**What needs to be done**
Pictures excluded, return every entry exactly, please.
(Records provided begins)
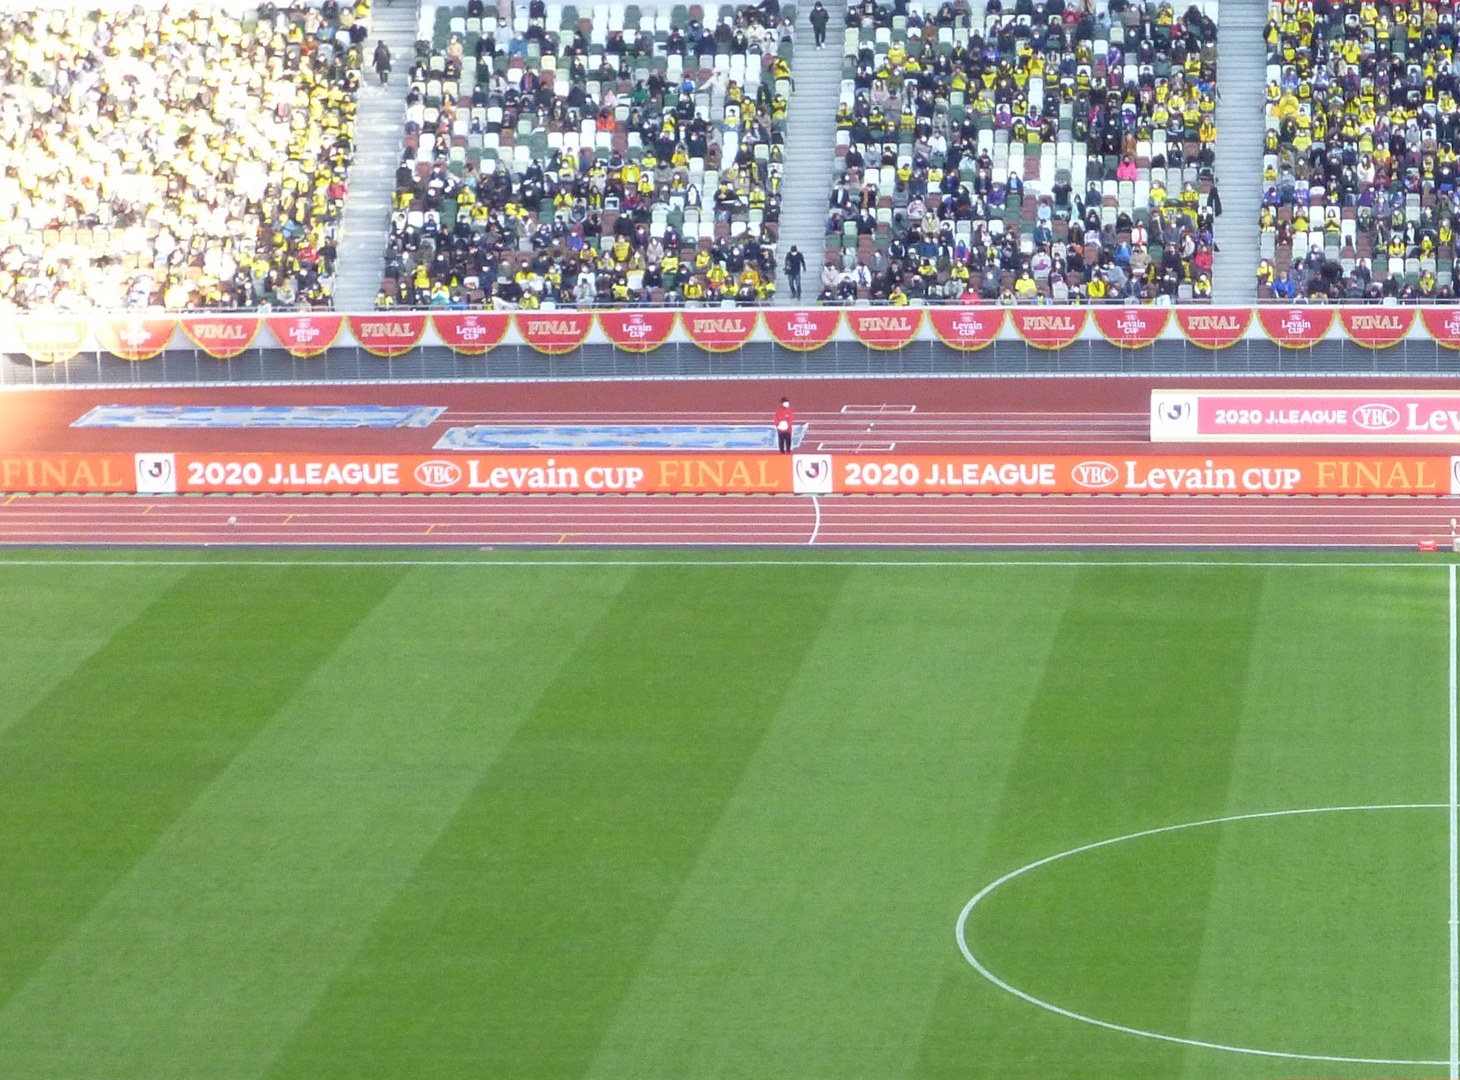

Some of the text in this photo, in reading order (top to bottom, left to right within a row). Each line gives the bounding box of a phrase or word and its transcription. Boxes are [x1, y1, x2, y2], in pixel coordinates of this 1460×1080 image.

[361, 323, 414, 337] FINAL
[528, 321, 580, 335] FINAL
[622, 323, 652, 333] Levain
[693, 318, 745, 332] FINAL
[788, 322, 817, 332] Levain
[859, 317, 911, 331] FINAL
[953, 320, 982, 330] Levain
[1023, 317, 1075, 331] FINAL
[1117, 320, 1146, 330] Levain
[1188, 316, 1240, 330] FINAL
[1282, 319, 1310, 330] Levain
[1351, 316, 1403, 330] FINAL
[193, 324, 247, 340] FINAL
[289, 327, 319, 338] Levain
[456, 325, 486, 336] Levain
[1215, 410, 1262, 424] 2020
[1265, 410, 1348, 424] J.LEAGUE
[1361, 408, 1393, 426] YBC
[1, 459, 122, 487] FINAL
[187, 462, 262, 485] 2020
[268, 462, 399, 485] J.LEAGUE
[421, 464, 454, 483] YBC
[467, 458, 579, 489] Levain
[584, 466, 644, 489] CUP
[657, 459, 778, 488] FINAL
[844, 463, 919, 486] 2020
[925, 463, 1055, 486] J.LEAGUE
[1079, 466, 1111, 484] YBC
[1124, 460, 1236, 489] Levain
[1242, 467, 1301, 490] CUP
[1315, 460, 1436, 489] FINAL
(Records provided ends)
**Output for this task**
Some of the text in this photo, in reading order (top to bottom, left to right within a row). Each line gives the bounding box of a phrase or word and its transcription. Boxes are [x1, y1, x2, y2], in pixel coordinates of this 1460×1080 image.

[361, 323, 414, 337] FINAL
[528, 321, 580, 335] FINAL
[622, 323, 652, 333] Levain
[693, 318, 745, 332] FINAL
[788, 322, 817, 332] Levain
[859, 317, 911, 331] FINAL
[953, 320, 982, 330] Levain
[1023, 317, 1075, 331] FINAL
[1117, 320, 1146, 330] Levain
[1188, 316, 1240, 330] FINAL
[1282, 319, 1310, 330] Levain
[1351, 316, 1403, 330] FINAL
[193, 324, 247, 340] FINAL
[289, 327, 319, 338] Levain
[456, 325, 486, 336] Levain
[1215, 410, 1262, 424] 2020
[1265, 410, 1348, 424] J.LEAGUE
[1361, 408, 1393, 426] YBC
[1, 459, 122, 487] FINAL
[187, 462, 262, 485] 2020
[268, 462, 399, 485] J.LEAGUE
[421, 464, 454, 483] YBC
[467, 458, 579, 489] Levain
[584, 466, 644, 489] CUP
[657, 459, 778, 488] FINAL
[844, 463, 919, 486] 2020
[925, 463, 1055, 486] J.LEAGUE
[1079, 466, 1111, 484] YBC
[1124, 460, 1236, 489] Levain
[1242, 467, 1301, 490] CUP
[1315, 460, 1436, 489] FINAL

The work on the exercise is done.